Bainbridge Island Japanese American Community

Out with friends riding bike, parents’ reaction, curfew – Kay Nakao (OH0020)

Transcript

I don’t know why I was on the bicycle going down Madison Avenue, Sunday morning. I’m quite sure it was Sunday morning. And my Caucasian friends came out and said something about, “There’s the war,” or something about Pearl Harbor, but that didn’t mean a thing to me. I didn’t know where Pearl Harbor was. And I knew Japan was so far away, non–reachable. And then I went home, turned around, went home and we listened to the radio. And then it was real. Until then I wasn’t too sure.

My parents were very, very shocked, and they thought that was a very bad move on the Japan part. They were speaking in Japanese, so you know, I was understanding what they were trying to say, and they really felt bad about it.

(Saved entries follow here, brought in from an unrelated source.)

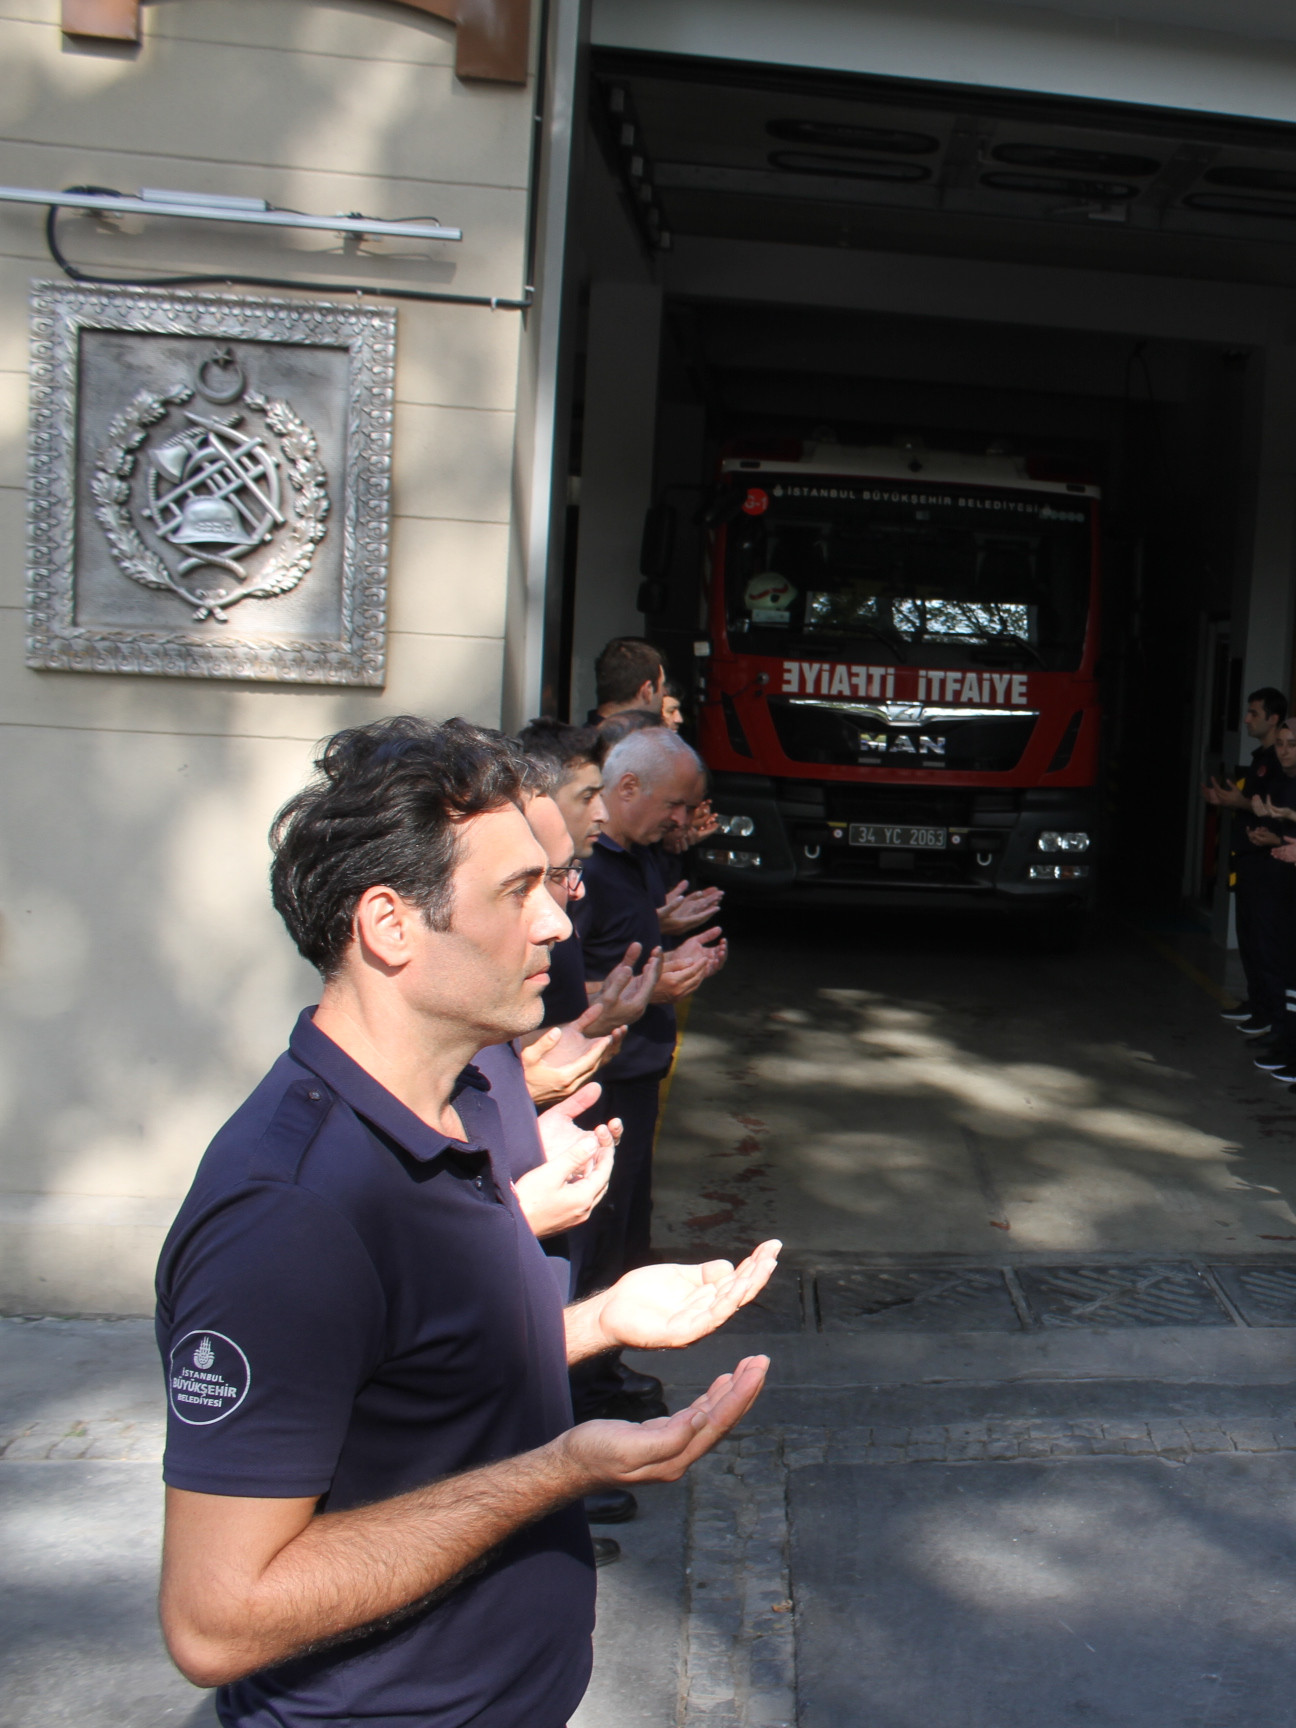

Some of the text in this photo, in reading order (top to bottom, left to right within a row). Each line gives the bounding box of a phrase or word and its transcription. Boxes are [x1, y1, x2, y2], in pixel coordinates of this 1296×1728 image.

[787, 485, 856, 499] İSTANBUL
[859, 733, 946, 755] MAN
[858, 827, 944, 846] 34 YC 2063
[182, 1367, 225, 1383] İSTANBUL
[172, 1376, 238, 1398] BÜYÜKŞEHİR
[177, 1393, 222, 1408] BELEDİYESİ

Because they always felt like they were American citizens, children being educated in America, and they never wanted to go back to Japan. So they felt bad about the whole situation. And in fact, my dad — I didn’t know this until it happened — that he went and turned in his life insurance policy and bought liberty bonds at that time. He wanted to help the American cause, you know. So I thought that was good of him to do that.

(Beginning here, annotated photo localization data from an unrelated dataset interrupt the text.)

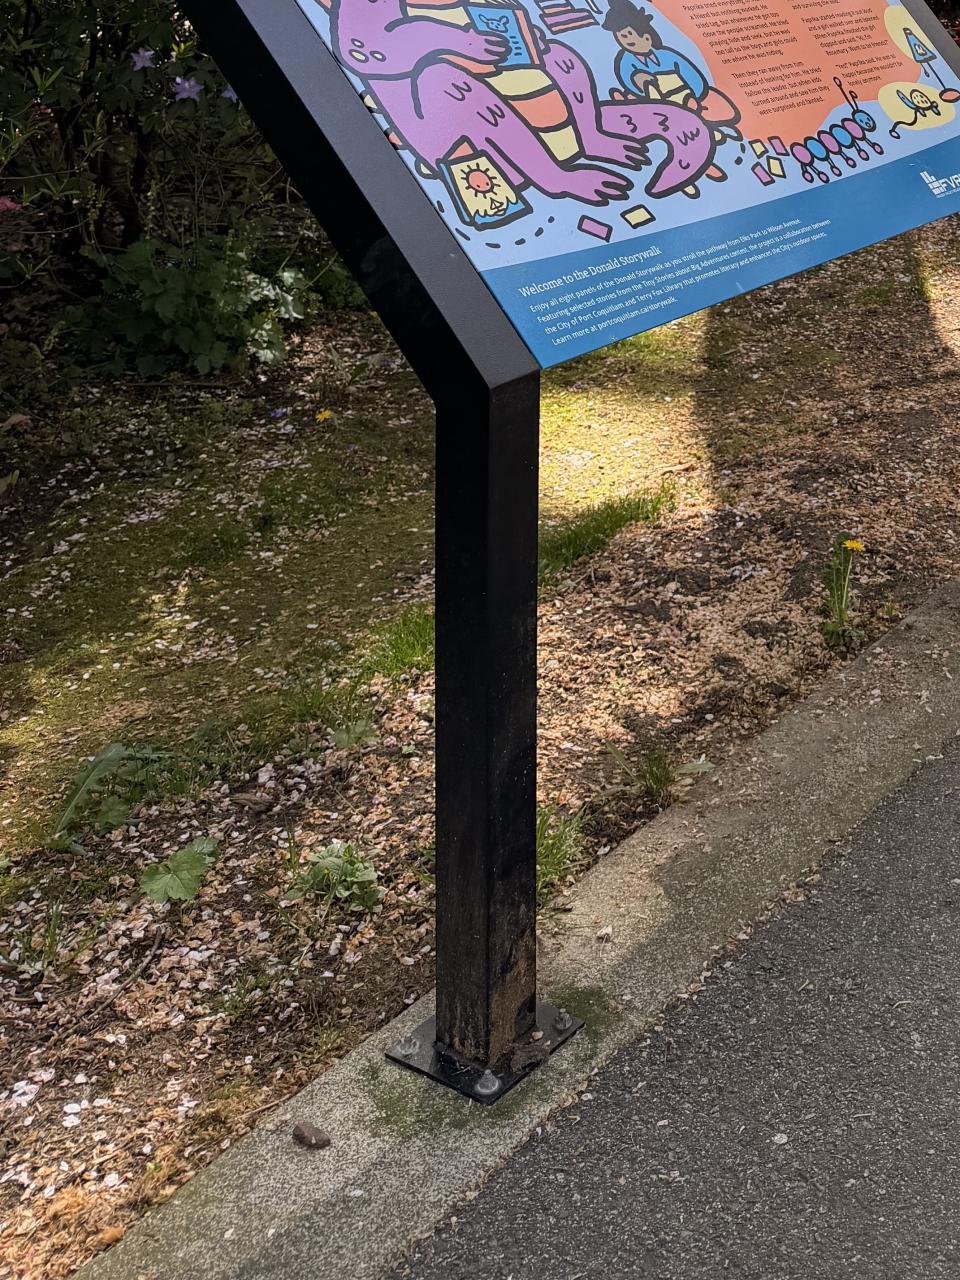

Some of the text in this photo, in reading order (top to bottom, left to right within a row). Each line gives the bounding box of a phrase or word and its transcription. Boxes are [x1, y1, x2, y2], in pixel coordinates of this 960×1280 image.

[519, 279, 563, 296] Welcome
[573, 270, 590, 280] the
[588, 258, 620, 275] Donald
[619, 246, 662, 265] Storywalk
[530, 303, 549, 312] Enjoy
[559, 293, 575, 303] eight
[576, 287, 596, 298] panels
[614, 272, 636, 284] Donald
[636, 264, 664, 277] Storywalk
[671, 259, 682, 267] you
[682, 253, 696, 261] stroll
[706, 244, 728, 254] pathway
[537, 309, 570, 322] Featuring
[570, 299, 595, 312] selected
[596, 293, 617, 303] stories
[616, 288, 632, 296] from
[654, 273, 675, 282] Stories
[675, 267, 691, 276] about
[700, 255, 729, 267] Adventures
[758, 239, 775, 249] project
[783, 226, 812, 239] collaboration
[571, 317, 578, 325] of
[578, 314, 593, 322] Port
[592, 303, 624, 317] Coquitlam
[625, 298, 636, 306] and
[663, 283, 683, 292] Library
[695, 270, 720, 282] promotes
[552, 335, 572, 345] Learn
[572, 328, 590, 338] more
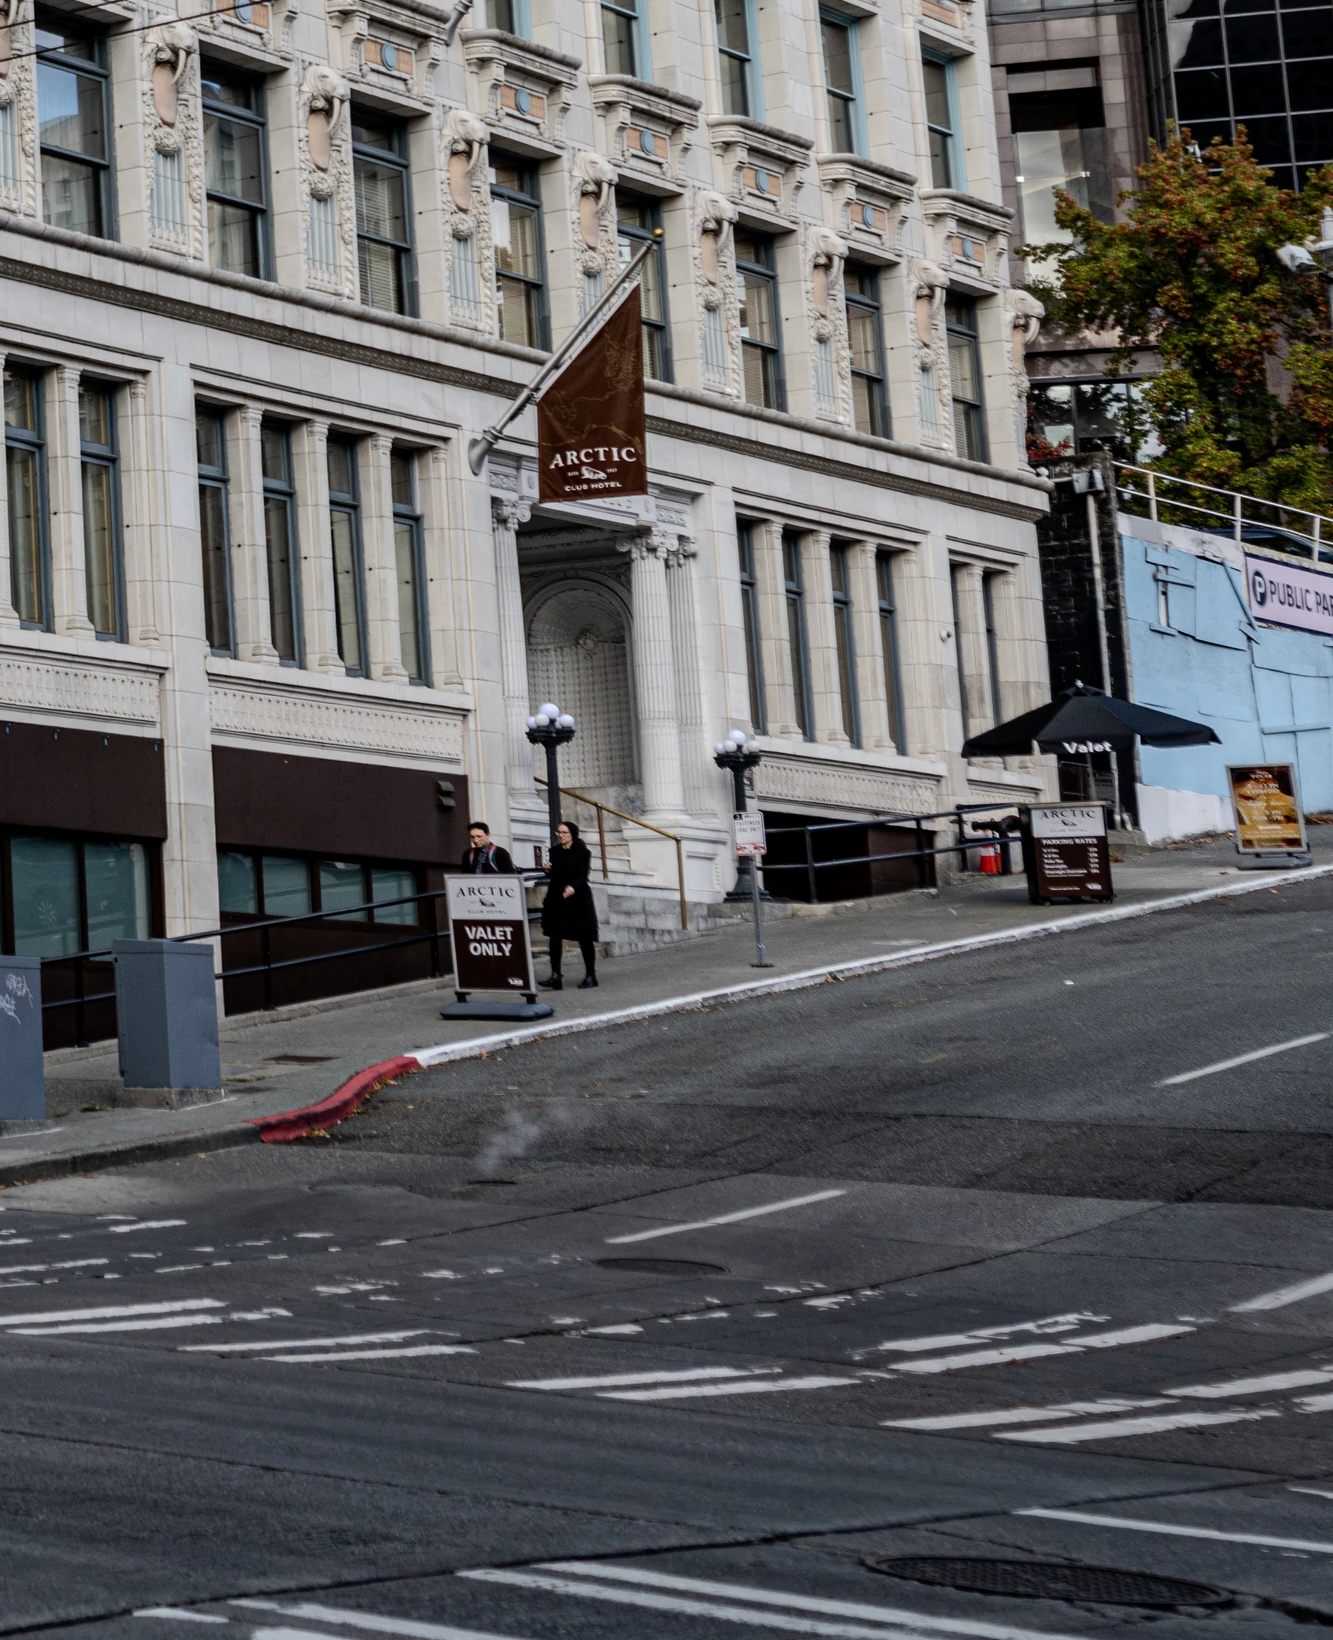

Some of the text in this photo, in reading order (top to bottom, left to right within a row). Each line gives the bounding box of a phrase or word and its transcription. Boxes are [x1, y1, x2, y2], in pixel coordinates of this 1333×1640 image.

[549, 447, 637, 469] ARCTIC
[564, 481, 622, 491] CLUB HOTEL
[1269, 580, 1313, 613] PUBLIC
[1061, 740, 1113, 754] Valet
[1040, 809, 1097, 820] ARCTIC
[1042, 837, 1098, 846] PARKING RATES
[456, 886, 515, 898] ARCTIC
[464, 925, 513, 940] VALET
[468, 942, 513, 957] ONLY

At that point we didn’t go back and forth anymore, because after the war broke out, there was curfew. We had to stay within our boundaries, and not to be out after six o’clock and all that kind of a thing. And we were afraid, too, to get away from our property, we didn’t know what was going to happen. We didn’t know what the reaction will be with the public, the community.

Video Interview — February, 2006
To see this interview in its entirety, go to the Densho website archives. You will have to register to be allowed access to their archives. Once in the archive, visit the Visual History Collections: Bainbridge Island Japanese American Community Collection.

Kay Nakao

Kay Sakai Nakao was 22 years old when her family was evacuated. She is the oldest of six Sakai children, one boy and six girls. Kay was married in Minidoka. She and her husband, Sam Nakao, left camp off and on to work on a ranch in Idaho. They had one son born during the war. The Sonoji Sakai Intermediate School is named after Kay's father who donated their farmland to the Bainbridge Island School District.